Exercise requirements >>
Give all of the data again exactly as written, omitting every image.

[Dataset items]
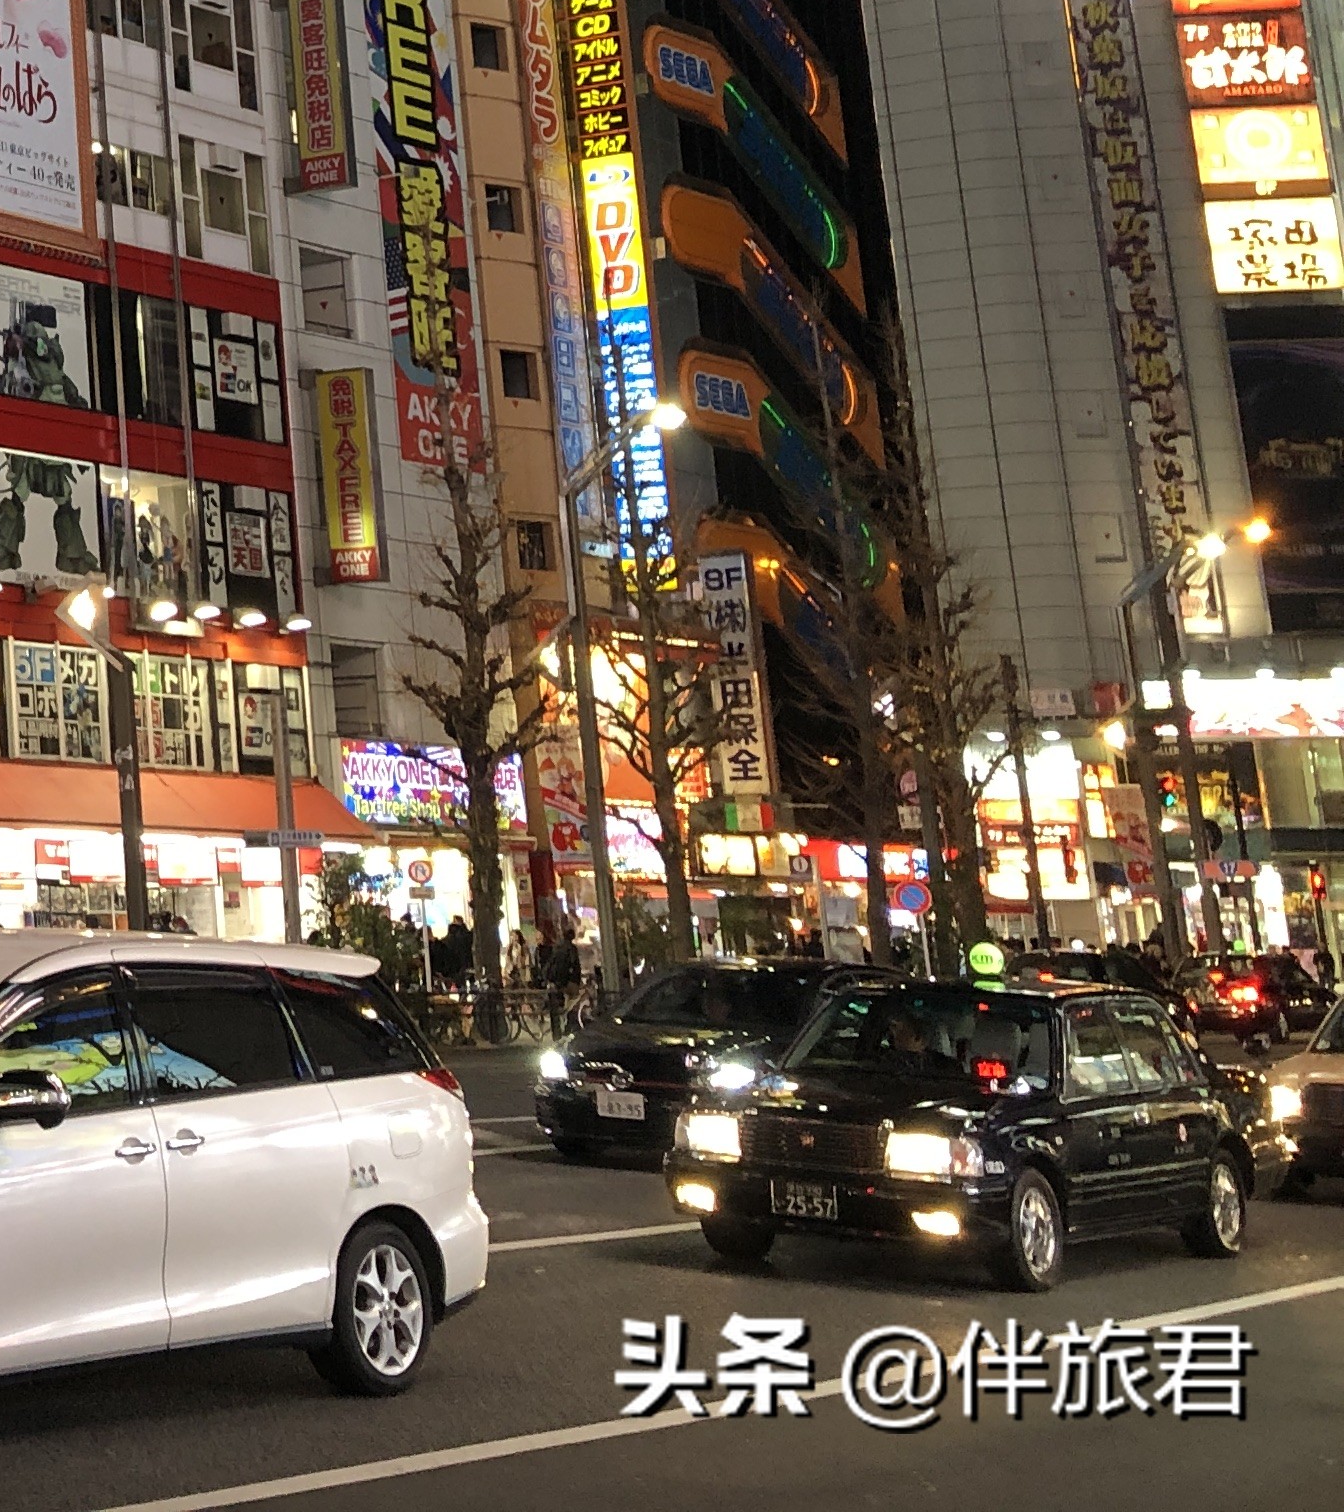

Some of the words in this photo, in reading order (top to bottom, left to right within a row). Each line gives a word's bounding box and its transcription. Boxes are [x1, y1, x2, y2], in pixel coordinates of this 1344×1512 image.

[576, 12, 611, 37] CD
[573, 38, 619, 61] アイドル
[575, 62, 622, 85] アニメ
[657, 44, 715, 95] SEGA
[578, 85, 622, 107] コミック
[1222, 85, 1284, 98] AMATARO
[583, 110, 624, 133] ホビー
[583, 133, 629, 156] フィギュア
[303, 155, 341, 173] AKKY
[309, 170, 340, 186] ONE
[594, 197, 641, 298] DVD
[330, 376, 356, 419] 免税
[694, 373, 752, 419] SEGA
[333, 422, 359, 474] TAX
[338, 475, 365, 545] FREE
[334, 549, 373, 565] AKKY
[339, 563, 371, 578] ONE
[703, 566, 742, 591] 8F
[15, 648, 56, 683] 5F
[350, 755, 394, 782] AKKY
[397, 759, 432, 787] ONE

Your response >>
Some of the words in this photo, in reading order (top to bottom, left to right within a row). Each line gives a word's bounding box and its transcription. Boxes are [x1, y1, x2, y2], in pixel coordinates of this 1344×1512 image.

[576, 12, 611, 37] CD
[573, 38, 619, 61] アイドル
[575, 62, 622, 85] アニメ
[657, 44, 715, 95] SEGA
[578, 85, 622, 107] コミック
[1222, 85, 1284, 98] AMATARO
[583, 110, 624, 133] ホビー
[583, 133, 629, 156] フィギュア
[303, 155, 341, 173] AKKY
[309, 170, 340, 186] ONE
[594, 197, 641, 298] DVD
[330, 376, 356, 419] 免税
[694, 373, 752, 419] SEGA
[333, 422, 359, 474] TAX
[338, 475, 365, 545] FREE
[334, 549, 373, 565] AKKY
[339, 563, 371, 578] ONE
[703, 566, 742, 591] 8F
[15, 648, 56, 683] 5F
[350, 755, 394, 782] AKKY
[397, 759, 432, 787] ONE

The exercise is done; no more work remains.